*Exercise aim*:
For this exercise, transcribe all of the entries exactly.

Start of Data

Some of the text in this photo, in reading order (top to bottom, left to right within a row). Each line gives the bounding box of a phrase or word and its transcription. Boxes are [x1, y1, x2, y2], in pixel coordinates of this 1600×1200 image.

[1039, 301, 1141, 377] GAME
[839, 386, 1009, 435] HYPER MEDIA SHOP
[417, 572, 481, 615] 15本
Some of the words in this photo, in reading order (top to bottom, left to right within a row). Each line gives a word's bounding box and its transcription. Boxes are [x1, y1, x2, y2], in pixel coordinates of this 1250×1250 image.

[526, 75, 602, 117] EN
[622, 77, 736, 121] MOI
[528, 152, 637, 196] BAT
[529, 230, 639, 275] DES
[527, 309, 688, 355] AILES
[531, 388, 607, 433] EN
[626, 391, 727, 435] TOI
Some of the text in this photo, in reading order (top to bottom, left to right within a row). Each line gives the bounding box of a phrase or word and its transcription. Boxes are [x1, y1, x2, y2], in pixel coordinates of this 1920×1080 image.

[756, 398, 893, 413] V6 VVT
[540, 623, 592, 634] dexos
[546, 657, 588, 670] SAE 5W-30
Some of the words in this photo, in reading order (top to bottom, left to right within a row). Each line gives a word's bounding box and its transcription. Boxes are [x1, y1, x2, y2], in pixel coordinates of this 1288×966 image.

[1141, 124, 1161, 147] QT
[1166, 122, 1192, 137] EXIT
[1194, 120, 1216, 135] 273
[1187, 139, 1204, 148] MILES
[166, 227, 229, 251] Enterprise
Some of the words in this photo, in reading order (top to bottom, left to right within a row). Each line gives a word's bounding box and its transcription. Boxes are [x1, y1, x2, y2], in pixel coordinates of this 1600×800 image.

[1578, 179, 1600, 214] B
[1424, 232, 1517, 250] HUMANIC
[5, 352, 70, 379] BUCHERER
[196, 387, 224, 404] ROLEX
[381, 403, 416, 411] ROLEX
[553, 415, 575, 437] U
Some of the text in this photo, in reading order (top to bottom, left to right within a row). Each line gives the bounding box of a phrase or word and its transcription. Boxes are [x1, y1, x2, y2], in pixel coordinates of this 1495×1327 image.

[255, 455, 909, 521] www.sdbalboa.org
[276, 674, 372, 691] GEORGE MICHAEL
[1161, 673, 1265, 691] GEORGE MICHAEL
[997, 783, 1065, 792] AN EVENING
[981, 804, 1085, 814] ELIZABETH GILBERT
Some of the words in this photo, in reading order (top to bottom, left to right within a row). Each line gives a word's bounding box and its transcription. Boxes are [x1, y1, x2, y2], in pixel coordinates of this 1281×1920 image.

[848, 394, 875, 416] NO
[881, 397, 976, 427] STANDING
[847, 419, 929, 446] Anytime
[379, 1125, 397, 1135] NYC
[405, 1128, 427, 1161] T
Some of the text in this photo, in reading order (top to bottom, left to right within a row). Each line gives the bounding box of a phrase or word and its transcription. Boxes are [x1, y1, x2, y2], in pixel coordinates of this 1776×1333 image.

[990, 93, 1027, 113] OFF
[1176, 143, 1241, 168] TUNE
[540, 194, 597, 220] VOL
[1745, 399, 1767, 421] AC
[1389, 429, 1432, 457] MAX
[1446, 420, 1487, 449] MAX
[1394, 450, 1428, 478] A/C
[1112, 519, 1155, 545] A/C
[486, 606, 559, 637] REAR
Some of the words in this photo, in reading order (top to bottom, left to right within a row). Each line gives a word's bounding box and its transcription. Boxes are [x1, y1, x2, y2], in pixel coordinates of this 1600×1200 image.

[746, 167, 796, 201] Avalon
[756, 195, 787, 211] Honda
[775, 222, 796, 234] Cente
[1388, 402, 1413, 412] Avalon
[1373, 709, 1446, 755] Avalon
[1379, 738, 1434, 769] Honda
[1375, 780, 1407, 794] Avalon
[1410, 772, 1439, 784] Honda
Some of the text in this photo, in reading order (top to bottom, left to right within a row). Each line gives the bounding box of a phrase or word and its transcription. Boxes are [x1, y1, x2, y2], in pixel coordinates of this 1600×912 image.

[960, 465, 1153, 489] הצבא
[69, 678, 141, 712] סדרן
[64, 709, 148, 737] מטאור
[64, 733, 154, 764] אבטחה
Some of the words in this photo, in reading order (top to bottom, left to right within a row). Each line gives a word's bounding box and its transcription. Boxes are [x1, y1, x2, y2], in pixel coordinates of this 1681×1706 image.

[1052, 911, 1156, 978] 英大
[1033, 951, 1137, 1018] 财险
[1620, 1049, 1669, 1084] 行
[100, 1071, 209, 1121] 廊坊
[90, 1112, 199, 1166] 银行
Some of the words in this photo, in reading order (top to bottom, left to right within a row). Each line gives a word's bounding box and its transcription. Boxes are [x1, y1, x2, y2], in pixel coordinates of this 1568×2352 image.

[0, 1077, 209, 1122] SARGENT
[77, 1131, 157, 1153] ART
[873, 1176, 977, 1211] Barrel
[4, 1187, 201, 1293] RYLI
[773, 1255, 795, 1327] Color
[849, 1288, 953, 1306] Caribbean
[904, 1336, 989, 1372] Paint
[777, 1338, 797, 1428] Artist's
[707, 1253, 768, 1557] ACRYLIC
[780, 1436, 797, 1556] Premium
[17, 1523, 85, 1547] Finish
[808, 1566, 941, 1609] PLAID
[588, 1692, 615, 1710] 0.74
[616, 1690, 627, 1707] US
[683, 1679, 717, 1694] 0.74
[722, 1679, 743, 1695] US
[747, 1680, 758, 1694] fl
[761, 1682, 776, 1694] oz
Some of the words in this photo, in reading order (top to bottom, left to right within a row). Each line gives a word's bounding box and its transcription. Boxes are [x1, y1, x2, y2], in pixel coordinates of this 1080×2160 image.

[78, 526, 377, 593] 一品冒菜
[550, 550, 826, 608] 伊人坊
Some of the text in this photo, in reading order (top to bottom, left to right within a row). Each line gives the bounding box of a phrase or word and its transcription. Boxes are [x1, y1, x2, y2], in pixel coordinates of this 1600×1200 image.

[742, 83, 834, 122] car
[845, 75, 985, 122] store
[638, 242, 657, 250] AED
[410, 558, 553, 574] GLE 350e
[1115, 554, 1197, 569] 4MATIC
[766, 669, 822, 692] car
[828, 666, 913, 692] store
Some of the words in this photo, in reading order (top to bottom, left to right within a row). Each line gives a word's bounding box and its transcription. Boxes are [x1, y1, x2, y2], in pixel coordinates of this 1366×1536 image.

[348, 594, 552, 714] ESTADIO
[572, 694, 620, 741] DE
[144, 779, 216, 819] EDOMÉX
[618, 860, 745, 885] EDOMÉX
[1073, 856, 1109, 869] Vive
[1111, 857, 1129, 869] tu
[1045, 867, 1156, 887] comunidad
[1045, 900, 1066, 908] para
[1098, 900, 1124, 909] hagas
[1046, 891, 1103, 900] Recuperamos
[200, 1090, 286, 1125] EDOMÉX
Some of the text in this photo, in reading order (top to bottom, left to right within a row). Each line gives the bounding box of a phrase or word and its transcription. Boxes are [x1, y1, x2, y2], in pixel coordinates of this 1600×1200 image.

End of Data

*Result of the exercise*:
Some of the text in this photo, in reading order (top to bottom, left to right within a row). Each line gives the bounding box of a phrase or word and its transcription. Boxes are [x1, y1, x2, y2], in pixel coordinates of this 1600×1200 image.

[1039, 301, 1141, 377] GAME
[839, 386, 1009, 435] HYPER MEDIA SHOP
[417, 572, 481, 615] 15本
Some of the words in this photo, in reading order (top to bottom, left to right within a row). Each line gives a word's bounding box and its transcription. Boxes are [x1, y1, x2, y2], in pixel coordinates of this 1250×1250 image.

[526, 75, 602, 117] EN
[622, 77, 736, 121] MOI
[528, 152, 637, 196] BAT
[529, 230, 639, 275] DES
[527, 309, 688, 355] AILES
[531, 388, 607, 433] EN
[626, 391, 727, 435] TOI
Some of the text in this photo, in reading order (top to bottom, left to right within a row). Each line gives the bounding box of a phrase or word and its transcription. Boxes are [x1, y1, x2, y2], in pixel coordinates of this 1920×1080 image.

[756, 398, 893, 413] V6 VVT
[540, 623, 592, 634] dexos
[546, 657, 588, 670] SAE 5W-30
Some of the words in this photo, in reading order (top to bottom, left to right within a row). Each line gives a word's bounding box and its transcription. Boxes are [x1, y1, x2, y2], in pixel coordinates of this 1288×966 image.

[1141, 124, 1161, 147] QT
[1166, 122, 1192, 137] EXIT
[1194, 120, 1216, 135] 273
[1187, 139, 1204, 148] MILES
[166, 227, 229, 251] Enterprise
Some of the words in this photo, in reading order (top to bottom, left to right within a row). Each line gives a word's bounding box and its transcription. Boxes are [x1, y1, x2, y2], in pixel coordinates of this 1600×800 image.

[1578, 179, 1600, 214] B
[1424, 232, 1517, 250] HUMANIC
[5, 352, 70, 379] BUCHERER
[196, 387, 224, 404] ROLEX
[381, 403, 416, 411] ROLEX
[553, 415, 575, 437] U
Some of the text in this photo, in reading order (top to bottom, left to right within a row). Each line gives the bounding box of a phrase or word and its transcription. Boxes are [x1, y1, x2, y2], in pixel coordinates of this 1495×1327 image.

[255, 455, 909, 521] www.sdbalboa.org
[276, 674, 372, 691] GEORGE MICHAEL
[1161, 673, 1265, 691] GEORGE MICHAEL
[997, 783, 1065, 792] AN EVENING
[981, 804, 1085, 814] ELIZABETH GILBERT
Some of the words in this photo, in reading order (top to bottom, left to right within a row). Each line gives a word's bounding box and its transcription. Boxes are [x1, y1, x2, y2], in pixel coordinates of this 1281×1920 image.

[848, 394, 875, 416] NO
[881, 397, 976, 427] STANDING
[847, 419, 929, 446] Anytime
[379, 1125, 397, 1135] NYC
[405, 1128, 427, 1161] T
Some of the text in this photo, in reading order (top to bottom, left to right within a row). Each line gives the bounding box of a phrase or word and its transcription. Boxes are [x1, y1, x2, y2], in pixel coordinates of this 1776×1333 image.

[990, 93, 1027, 113] OFF
[1176, 143, 1241, 168] TUNE
[540, 194, 597, 220] VOL
[1745, 399, 1767, 421] AC
[1389, 429, 1432, 457] MAX
[1446, 420, 1487, 449] MAX
[1394, 450, 1428, 478] A/C
[1112, 519, 1155, 545] A/C
[486, 606, 559, 637] REAR
Some of the words in this photo, in reading order (top to bottom, left to right within a row). Each line gives a word's bounding box and its transcription. Boxes are [x1, y1, x2, y2], in pixel coordinates of this 1600×1200 image.

[746, 167, 796, 201] Avalon
[756, 195, 787, 211] Honda
[775, 222, 796, 234] Cente
[1388, 402, 1413, 412] Avalon
[1373, 709, 1446, 755] Avalon
[1379, 738, 1434, 769] Honda
[1375, 780, 1407, 794] Avalon
[1410, 772, 1439, 784] Honda
Some of the text in this photo, in reading order (top to bottom, left to right within a row). Each line gives the bounding box of a phrase or word and its transcription. Boxes are [x1, y1, x2, y2], in pixel coordinates of this 1600×912 image.

[960, 465, 1153, 489] הצבא
[69, 678, 141, 712] סדרן
[64, 709, 148, 737] מטאור
[64, 733, 154, 764] אבטחה
Some of the words in this photo, in reading order (top to bottom, left to right within a row). Each line gives a word's bounding box and its transcription. Boxes are [x1, y1, x2, y2], in pixel coordinates of this 1681×1706 image.

[1052, 911, 1156, 978] 英大
[1033, 951, 1137, 1018] 财险
[1620, 1049, 1669, 1084] 行
[100, 1071, 209, 1121] 廊坊
[90, 1112, 199, 1166] 银行
Some of the words in this photo, in reading order (top to bottom, left to right within a row). Each line gives a word's bounding box and its transcription. Boxes are [x1, y1, x2, y2], in pixel coordinates of this 1568×2352 image.

[0, 1077, 209, 1122] SARGENT
[77, 1131, 157, 1153] ART
[873, 1176, 977, 1211] Barrel
[4, 1187, 201, 1293] RYLI
[773, 1255, 795, 1327] Color
[849, 1288, 953, 1306] Caribbean
[904, 1336, 989, 1372] Paint
[777, 1338, 797, 1428] Artist's
[707, 1253, 768, 1557] ACRYLIC
[780, 1436, 797, 1556] Premium
[17, 1523, 85, 1547] Finish
[808, 1566, 941, 1609] PLAID
[588, 1692, 615, 1710] 0.74
[616, 1690, 627, 1707] US
[683, 1679, 717, 1694] 0.74
[722, 1679, 743, 1695] US
[747, 1680, 758, 1694] fl
[761, 1682, 776, 1694] oz
Some of the words in this photo, in reading order (top to bottom, left to right within a row). Each line gives a word's bounding box and its transcription. Boxes are [x1, y1, x2, y2], in pixel coordinates of this 1080×2160 image.

[78, 526, 377, 593] 一品冒菜
[550, 550, 826, 608] 伊人坊
Some of the text in this photo, in reading order (top to bottom, left to right within a row). Each line gives the bounding box of a phrase or word and its transcription. Boxes are [x1, y1, x2, y2], in pixel coordinates of this 1600×1200 image.

[742, 83, 834, 122] car
[845, 75, 985, 122] store
[638, 242, 657, 250] AED
[410, 558, 553, 574] GLE 350e
[1115, 554, 1197, 569] 4MATIC
[766, 669, 822, 692] car
[828, 666, 913, 692] store
Some of the words in this photo, in reading order (top to bottom, left to right within a row). Each line gives a word's bounding box and its transcription. Boxes are [x1, y1, x2, y2], in pixel coordinates of this 1366×1536 image.

[348, 594, 552, 714] ESTADIO
[572, 694, 620, 741] DE
[144, 779, 216, 819] EDOMÉX
[618, 860, 745, 885] EDOMÉX
[1073, 856, 1109, 869] Vive
[1111, 857, 1129, 869] tu
[1045, 867, 1156, 887] comunidad
[1045, 900, 1066, 908] para
[1098, 900, 1124, 909] hagas
[1046, 891, 1103, 900] Recuperamos
[200, 1090, 286, 1125] EDOMÉX
Some of the text in this photo, in reading order (top to bottom, left to right within a row). Each line gives the bounding box of a phrase or word and its transcription. Boxes are [x1, y1, x2, y2], in pixel coordinates of this 1600×1200 image.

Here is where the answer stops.